Problem description
Line by line, copy out the entries exactly and leave the pictures behind.

(Stored data)
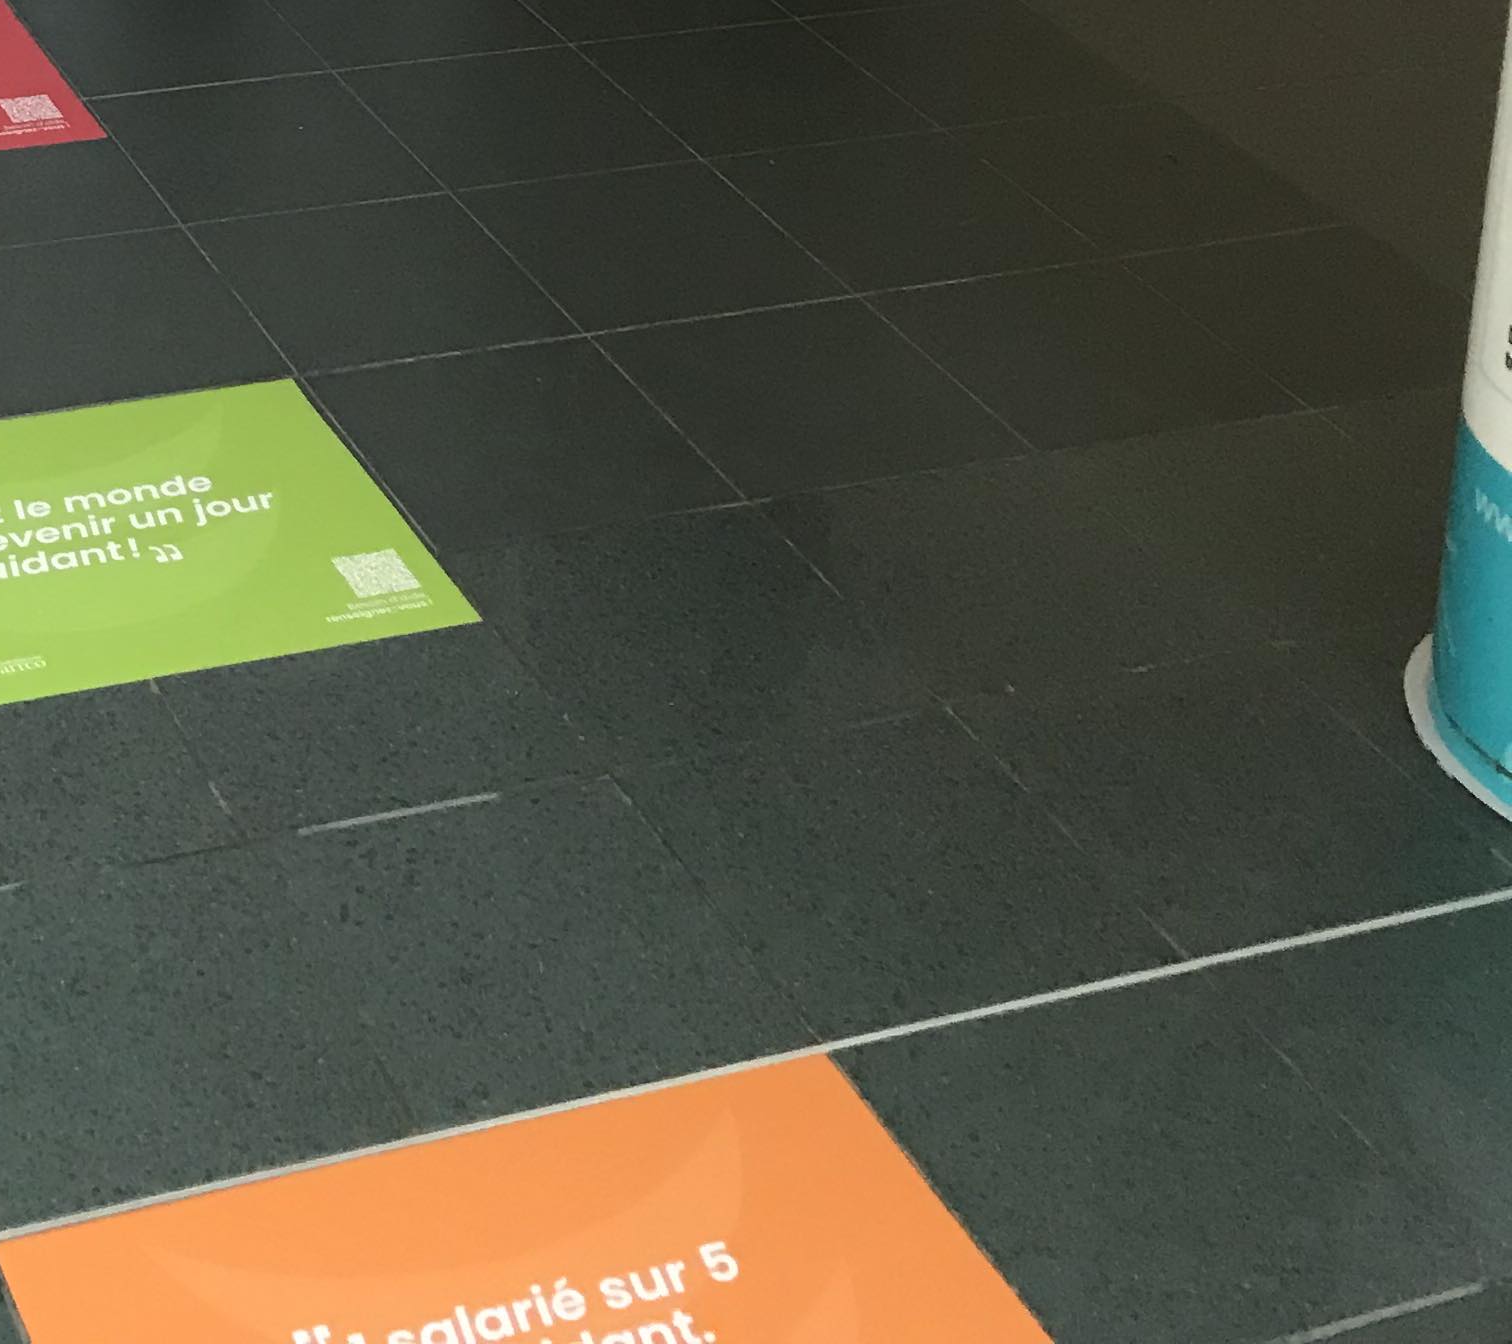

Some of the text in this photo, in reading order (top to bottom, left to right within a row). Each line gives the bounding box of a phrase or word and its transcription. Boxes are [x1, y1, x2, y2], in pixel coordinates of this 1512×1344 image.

[14, 499, 52, 521] le
[63, 474, 214, 514] monde
[129, 505, 184, 531] un
[192, 489, 275, 528] jour
[599, 1259, 686, 1310] sur
[699, 1240, 740, 1283] 5

Solution
Some of the text in this photo, in reading order (top to bottom, left to right within a row). Each line gives the bounding box of a phrase or word and its transcription. Boxes are [x1, y1, x2, y2], in pixel coordinates of this 1512×1344 image.

[14, 499, 52, 521] le
[63, 474, 214, 514] monde
[129, 505, 184, 531] un
[192, 489, 275, 528] jour
[599, 1259, 686, 1310] sur
[699, 1240, 740, 1283] 5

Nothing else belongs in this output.